Electrical Auditory Brainstem Response (eABR)

15 February 2022
10 - 30 mins

What is an electrical auditory brainstem response (eABR)?

An electrical auditory brainstem response (eABR) is a measurement of the ABR using an electrical stimulus. Instead of a traditional acoustic stimulus the cochlear implant (CI) or auditory brainstem implant (ABI) provides the stimulus that evokes the ABR.


Why perform eABR testing?

eABR testing may be performed for the following reasons:

  • To verify adequate placement of the cochlear implant or auditory brainstem implant electrodes during surgery
  • To estimate thresholds and comfortable levels in infants, young children or other patients who cannot be assessed using behavioral techniques
  • To assist in mapping the cochlear implant or auditory brainstem implant device
  • To assess interactions between electrode channels
  • To determine the most appropriate rates of stimulation


How to perform eABR testing


Patient preparation

Optimally, the patient should be lying down, asleep and in a quiet environment. Minimally, the patient should be relaxed with their eyes closed during testing. It is important to note that the eABR is not affected by anesthesia.


Electrode placement

Standard ABR surface electrodes are usually sufficient for acquiring eABR recordings. A 3 electrode montage (shown below) is the preferred method while recording from the contralateral side to minimize the high electrical artifact from the Cochlear stimulation, though it is present at both at the ipsi and contralateral side.


Clean and prepare the electrode sites in order to reduce the impedance. Impedance values at or below 3kΩ will produce cleaner recordings. Arrange electrode cables away from the cochlear implant connections to minimize interference.


Man with to options for electrode placement displayed. In the first example, the man has an electrode on the non CI mastoid, the vertex electrode on the high forehead, and the ground elecrode on the CI mastoid. In the second example, the man has an electrode on the non CI mastoid, the vertex electrode on the high forehead, and the ground electrode on the low forehead.

The eABR response is recorded from the contralateral mastoid, due to the excessive CI radiation/artefacts. For testing ABI patients during surgery a midline electrode montage is recommended (Cz – Nape, C7 for Ground/Common).

Alternative electrode placement:

Electrode montage for testing left implanted ear, vertex at position CZ.


Setting up the Eclipse

To conduct an eABR the following is required:

  • CI – patient
  • CI – stimuli system
  • Enable the ‘trigger out’ function in the CI-system
  • eABR recording system (Eclipse-hardware and software)
  • Trigger cable to connect the CI-stimuli system and eABR recording system

The Eclipse connects to the Cochlear Implant Stimulator which connects to the Cochlear or Auditory Brainstem Implant.


Trigger cable

Connection to the Eclipse is via a standard 6.3mm stereo Jack.
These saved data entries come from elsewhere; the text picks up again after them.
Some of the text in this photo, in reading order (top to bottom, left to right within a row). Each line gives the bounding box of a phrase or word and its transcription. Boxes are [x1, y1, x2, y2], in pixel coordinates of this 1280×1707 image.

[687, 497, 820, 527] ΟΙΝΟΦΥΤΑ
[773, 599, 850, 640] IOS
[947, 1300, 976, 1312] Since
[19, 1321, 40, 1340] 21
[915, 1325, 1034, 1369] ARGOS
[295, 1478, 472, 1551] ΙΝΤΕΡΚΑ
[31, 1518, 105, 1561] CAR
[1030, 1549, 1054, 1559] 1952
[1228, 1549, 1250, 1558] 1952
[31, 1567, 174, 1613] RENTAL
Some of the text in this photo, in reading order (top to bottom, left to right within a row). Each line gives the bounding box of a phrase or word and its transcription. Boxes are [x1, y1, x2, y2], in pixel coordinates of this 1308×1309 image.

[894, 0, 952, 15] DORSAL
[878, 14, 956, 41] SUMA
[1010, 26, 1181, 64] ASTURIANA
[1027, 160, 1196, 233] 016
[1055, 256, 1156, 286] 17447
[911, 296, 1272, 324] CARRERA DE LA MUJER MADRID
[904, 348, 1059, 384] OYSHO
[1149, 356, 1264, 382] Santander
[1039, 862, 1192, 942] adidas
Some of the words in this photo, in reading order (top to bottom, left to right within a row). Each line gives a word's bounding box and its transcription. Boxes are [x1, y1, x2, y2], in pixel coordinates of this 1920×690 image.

The “Trigger In” signal is on the tip of the jack.
The “Trigger Out” signal is a stereo jack with the signal present on the “middle ring”. Ensure that the trigger cable used is a stereo jack. A mono jack will not work.


Trigger cable for Cochlear®

The following two cables sold by Interacoustics are compatible for use with Cochlear implant devices. The cables are available in either 1.5m (Part #: 8004222) or 5m (Part #: 8004236).

An eABR trigger kit can also be ordered number 8105928. This includes the below two cables and the EPA3 cable collector.
8105924 cable for AB/MedEl/Neurolec/Oticon Medical
8004222 cable for Cochlear Nucleus


Trigger cable connection

  1. Connect the Trigger Cable to the Trigger port on the back of the Eclipse
  2. Connect the other end of the Trigger Cable to the Cochlear Implant Stimulator.


Protocol settings

The Eclipse comes with a pre-programmed eABR protocol which can be used immediately or modified to suit the test environment/patient. Refer to the manual for instructions about creating a new protocol or modifying the existing protocol.

  1. Ensure the Stimuli per sec. is set to Ext. Trigger.
  2. Ensure that the transducer selected is Headphone (Selection of inserts would incorrectly subtract 0.9ms from the recording). The actual transducer is the Cochlear Implant.
  3. The Level values are used to indicate the electrode numbers from the implant for testing - not the stimulus levels to be delivered. Modify as required.
  4. The Filter settings for input amp. are typically set at 33-5000Hz. For infant eABR, you may like to change the filter settings to 30–1500Hz. Note Filter settings can be changed digitally during or after testing to obtain smoother waveforms.


Recommended test parameters

Settings for eABR acquisition may vary according to the specifications from the Implant manufacturer

  • Rejection: If creating your own protocol, be sure to check the Disable rejection (for eABR only) in the Auto protocol tab.
  • Stimulus: Set as specified by the CI manufacturer instructions on the CI system.
  • Polarity: Set as specified by the CI manufacturer instruction on the CI system.
  • Transducers: CI computer.
  • Intensity: Set as specified by the CI manufacturer instructions on the CI system.
  • Filters:
    • 50- 5000 Hz.
    • 30-1500 Hz for an infant eABR.
    • 100-3000 for adult eABR.


Trigger settings

The trigger signal to synchronize the Eclipse EPx5 and the Cochlear Implant Stimulator may work in one of two ways:

  1. A signal is sent from the EPx5 software on the Eclipse to the Cochlear Implant Stimulator.
  2. A signal is sent from the Cochlear Implant Stimulator to the Eclipse hardware (most common setup)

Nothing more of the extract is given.